PSOL se mobiliza contra notícias falsas sobre Marielle; 11 mil denúncias já foram feitas
O departamento jurídico do PSOL e familiares de Marielle Franco iniciaram uma mobilização para coletar provas e denunciar pessoas que têm usado as redes sociais para compartilhar informações falsas e difamar a vereadora, assassinada na última quarta-feira, 14, no Rio. Seu motorista, Anderson Pedro Gomes, também foi morto no atentado.
Em mensagens publicadas no Facebook e no Twitter e áudios enviados pelo aplicativo Whatsapp, internautas têm divulgado informações - sem nenhuma comprovação - de que Marielle teria ligação com o crime organizado e que sua morte estaria relacionada a esse envolvimento.

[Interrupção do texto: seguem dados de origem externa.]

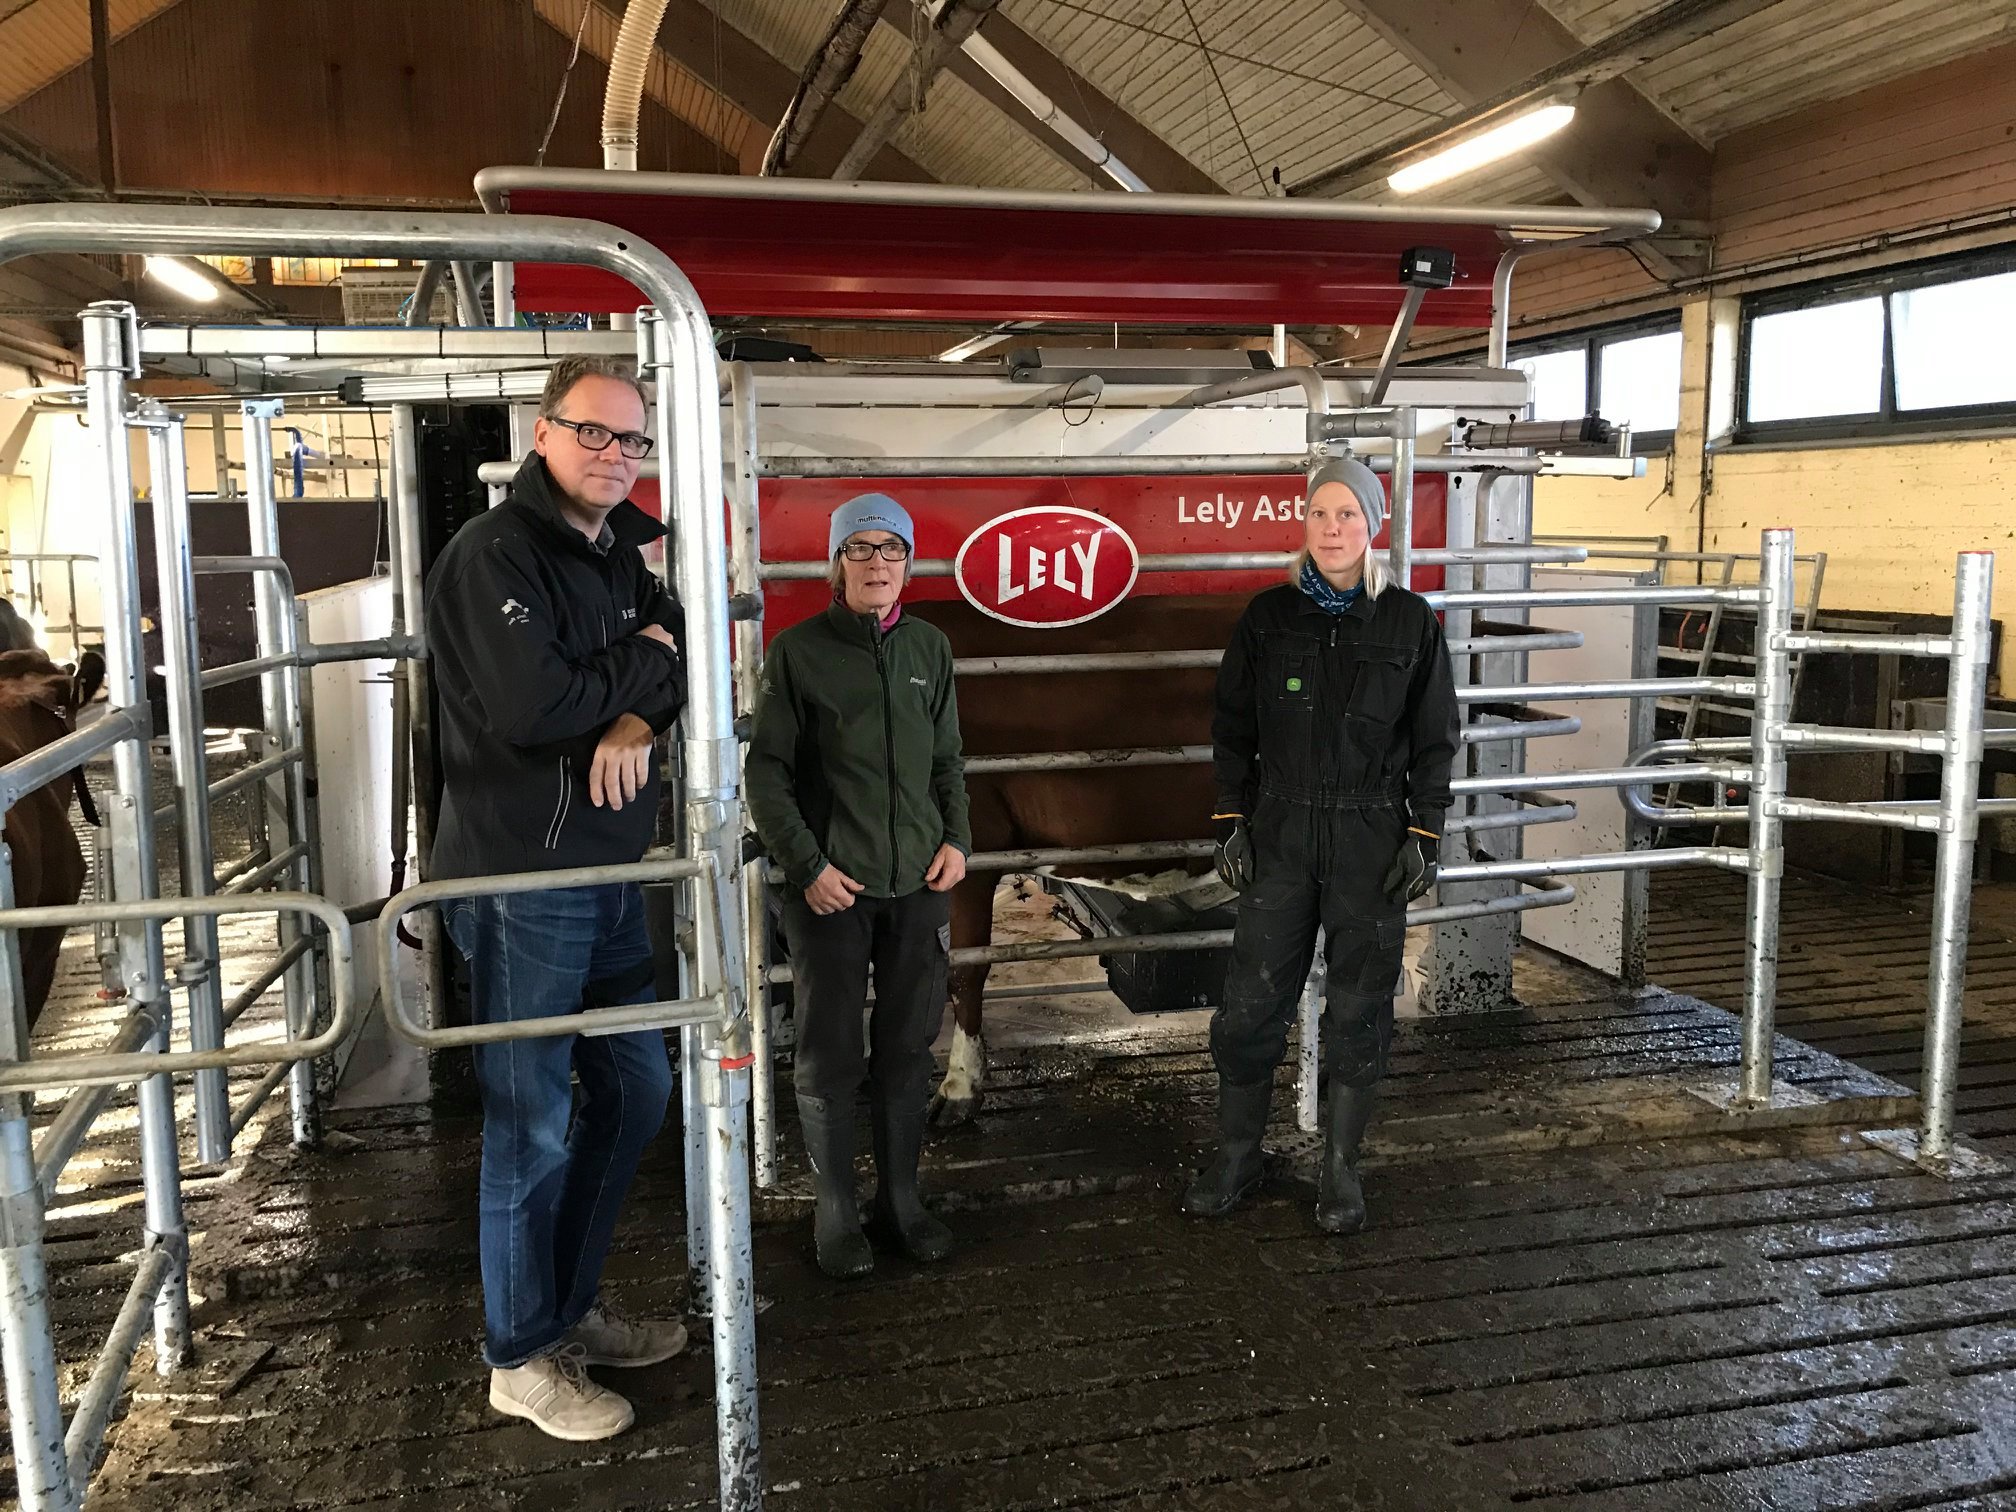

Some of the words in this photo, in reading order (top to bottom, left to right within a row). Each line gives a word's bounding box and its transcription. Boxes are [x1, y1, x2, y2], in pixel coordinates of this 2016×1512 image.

[1178, 493, 1244, 529] Lely
[1252, 494, 1306, 522] Ast
[997, 530, 1103, 605] LELY

Em um dos áudios, um homem não identificado diz que a vereadora só foi eleita porque tinha apoio do Comando Vermelho. A tese foi reproduzida por uma desembargadora do Tribunal de Justiça do Rio (TJ-RJ) em uma postagem no Facebook. “A questão é que a tal Marielle não era apenas uma ‘lutadora’; ela estava engajada com bandidos! Foi eleita pelo Comando Vermelho e descumpriu ‘compromissos’ assumidos com seus apoiadores”, escreveu a juíza Marília Castro Neves.